Une très grande part des entreprises belges sont familiales, souvent en deuxième ou troisième génération, souvent techniques, et souvent arrivées à la vidéo sociale dix ans après tout le monde. Quand elles s'y mettent enfin, la friction porte rarement sur le budget.
Elle porte sur deux personnes du même bâtiment qui ne sont sincèrement pas d'accord sur ce à quoi sert une vidéo, et aucune des deux n'a tort.
Deux générations, deux idées de la vidéo
Ce que veut le fondateur
Des preuves. L'atelier, la machine achetée dans les années quatre-vingt et qui tourne encore, le certificat au mur, les clients qui achètent depuis trente ans. Son instinct est que l'entreprise gagne la confiance en montrant ce qu'elle a construit.
Il porte aussi une crainte précise: qu'une vidéo courte et décontractée fasse passer une maison sérieuse pour une entreprise qui ne l'est pas, devant les acheteurs qui comptent.
Ce que veut la relève
De l'attention. Elle voit bien que personne ne regarde un film institutionnel, que le public est sur le téléphone, et qu'un concurrent qui publie des clips mal éclairés obtient plus de visibilité que la maison familiale aux meilleurs produits.

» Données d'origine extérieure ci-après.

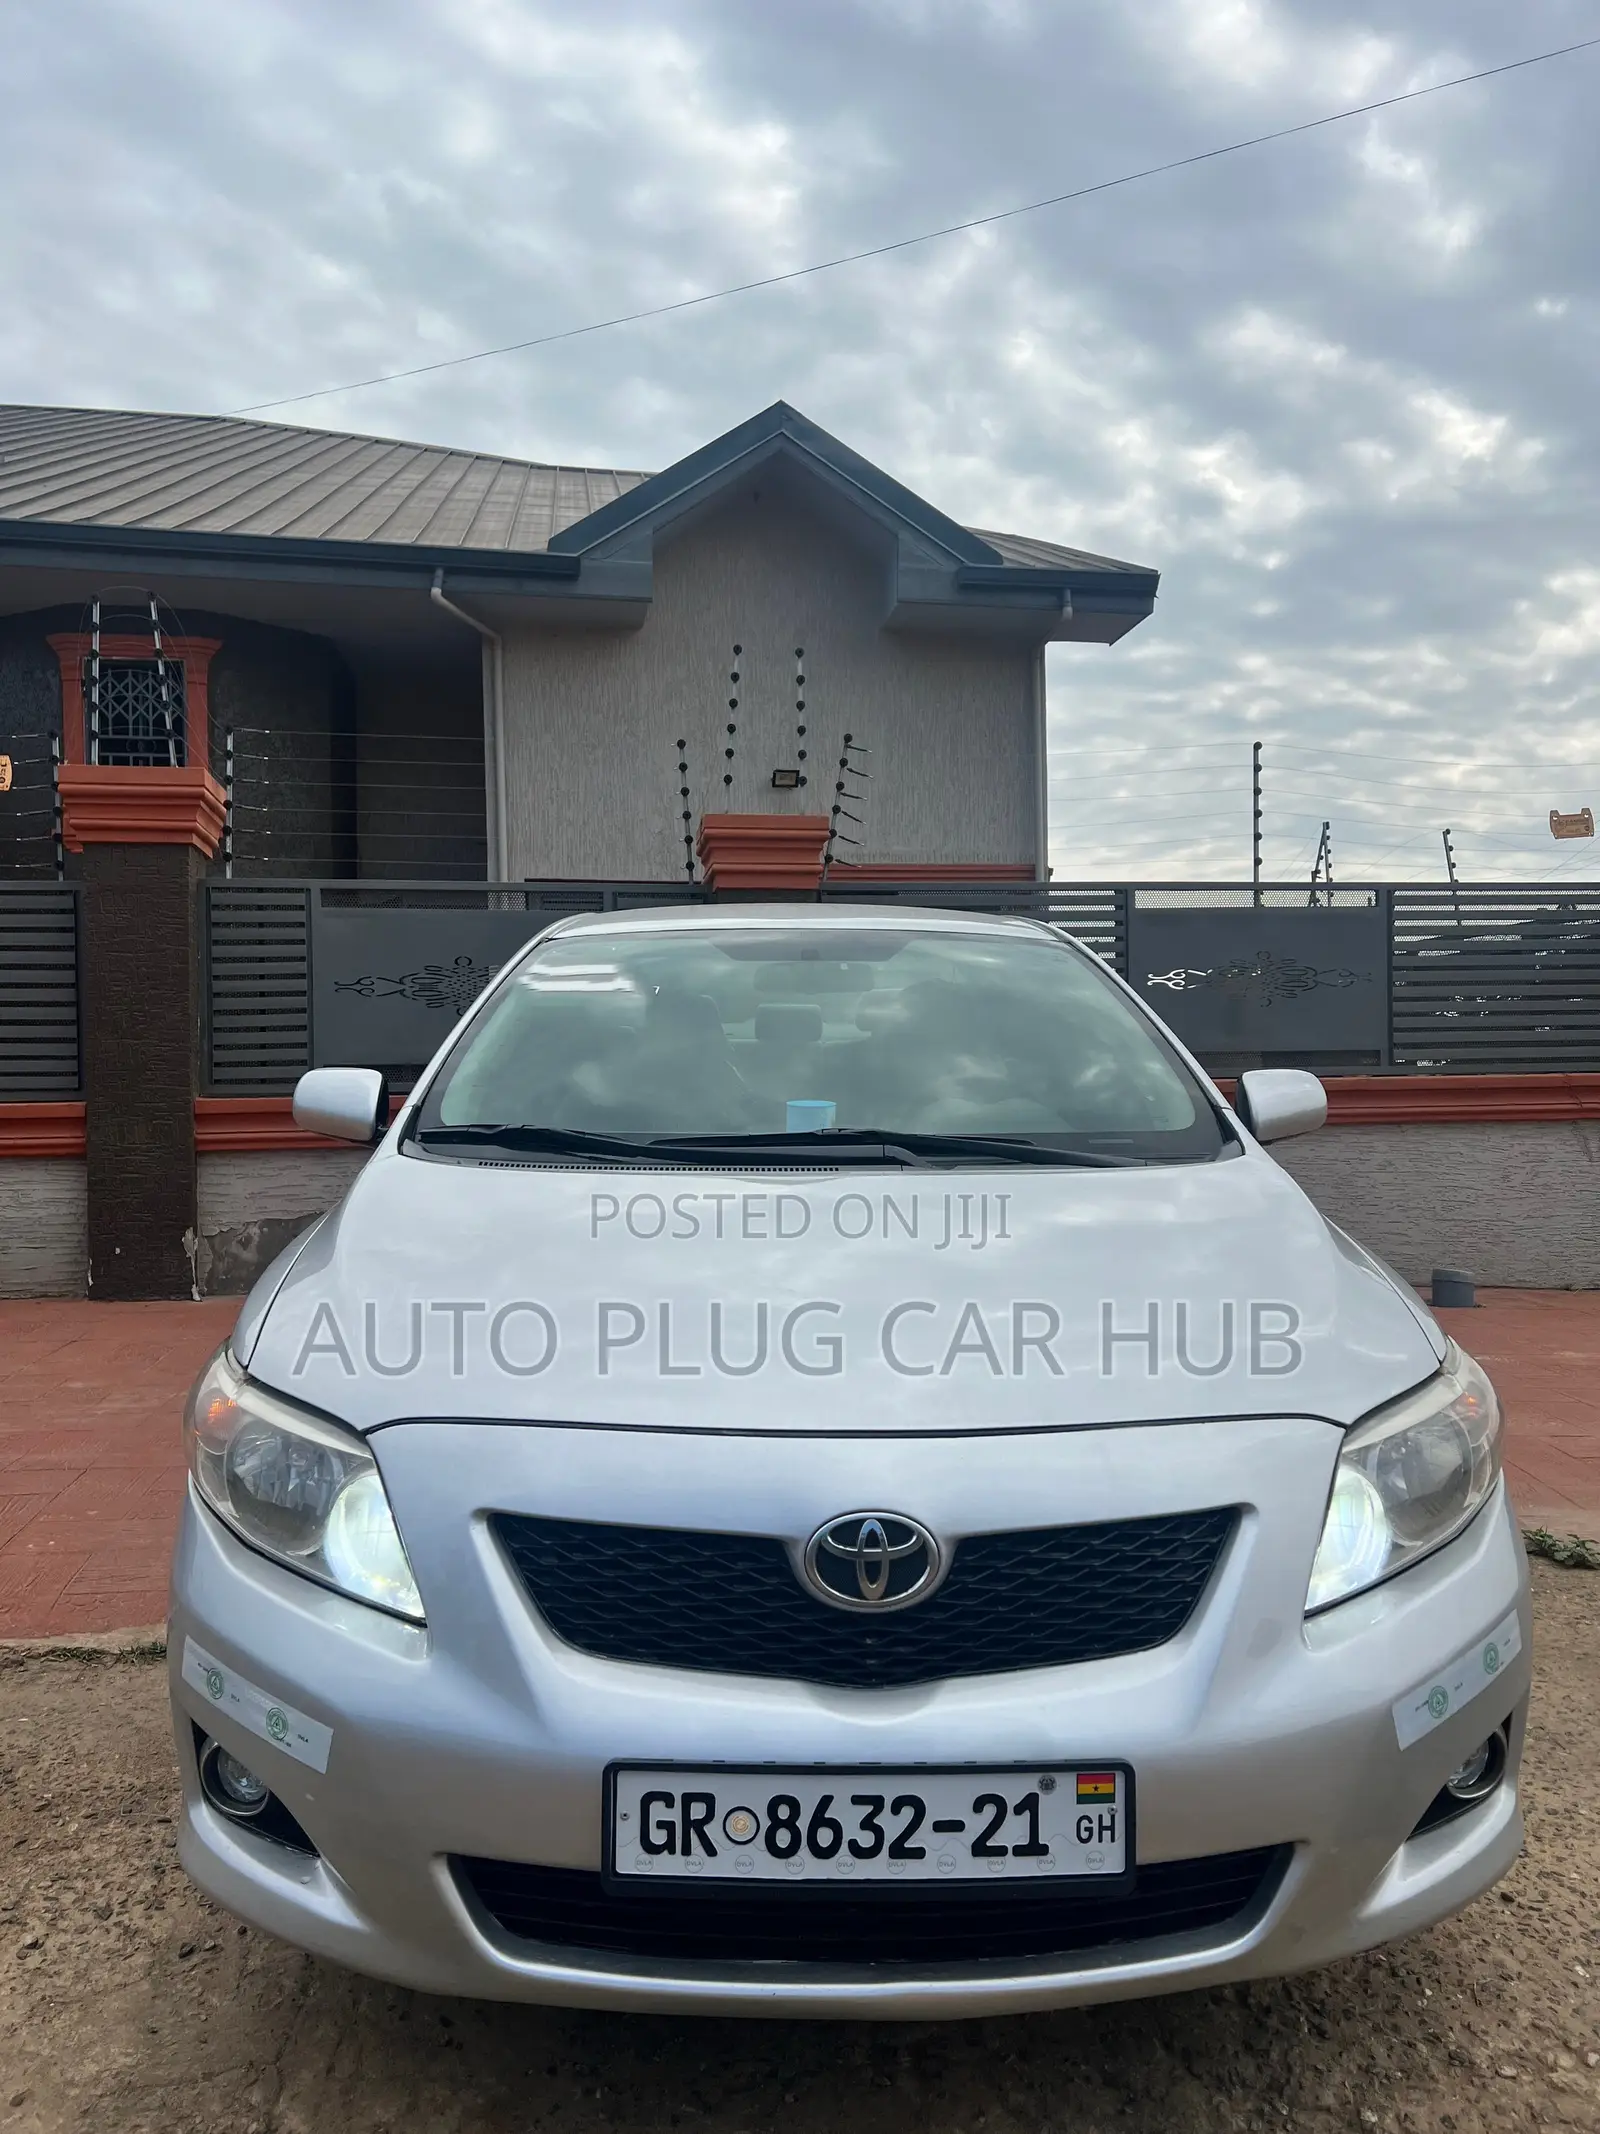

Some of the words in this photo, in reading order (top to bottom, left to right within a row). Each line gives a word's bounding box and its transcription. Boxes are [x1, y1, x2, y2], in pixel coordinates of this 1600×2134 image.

[639, 1791, 718, 1858] GR
[764, 1792, 1050, 1860] 8632-21
[1075, 1814, 1116, 1844] GH

Sa frustration, c'est que le fondateur juge le contenu à sa dignité apparente plutôt qu'au fait que quelqu'un l'ait regardé.
Ne pas arbitrer, filmer les deux
Le réflexe est de choisir un camp et de produire soit un film patrimonial, soit un flux de clips courts. Les deux choix perdent la moitié de l'entreprise, et la moitié perdue cesse de coopérer, ce qui est réellement ce qui tue un programme de contenu dans une entreprise familiale.
Le format qui marche
Mettez-les dans le même cadre. Le fondateur qui explique pourquoi une étape ne peut pas être accélérée, la relève qui pose la question qu'un client poserait. Deux personnes qui divergent un peu à l'image se regardent bien mieux qu'une personne qui délivre un message, et cela règle le problème politique en même temps.
Cela produit aussi une chose qu'un concurrent ne peut pas recopier: une entreprise où l'on voit qui répond du travail.
Le passage de relais est le matériau
La plupart des entreprises familiales traitent la succession comme une affaire privée, et c'est ce qu'elles ont de plus intéressant vu de l'extérieur.
| Ce qui se passe dans l’entreprise | Ce que cela donne à filmer |
|---|---|
| Un fondateur encore à l'atelier tous les jours | Le geste, le jugement, une main qui sait |
| Une relève qui change quelque chose | Un vrai avant-après, avec une raison |
| Des machines anciennes à côté des neuves | Une continuité visible, pas revendiquée |
| Des salariés là depuis longtemps | Un témoignage qu'aucun script n'écrirait |
| Un client depuis trente ans | La référence la plus forte que la maison possède |
Rien de tout cela ne demande un gros budget. Cela demande de décider de parler de l'entreprise telle qu'elle est plutôt que de la version qui figure dans une brochure.
Trois erreurs qui perdent le fondateur
Filmer sans lui dire pourquoi. Un fondateur à qui l'on tend un clip fini qu'il n'attendait pas s'y opposera par principe. Montrez le plan d'abord, en une page.
Faire la première vidéo sur la relève. À l'intérieur de l'entreprise, cela se lit comme une annonce de reprise, quelle que soit l'intention. Commencez par le travail, pas par la personne.
Publier quelque chose de bâclé la première semaine. La peur du fondateur porte sur la dignité, donc les trois premières pièces doivent être soignées. Une fois la confiance installée, la tolérance aux formats plus libres grimpe vite, et c'est là que le volume peut commencer.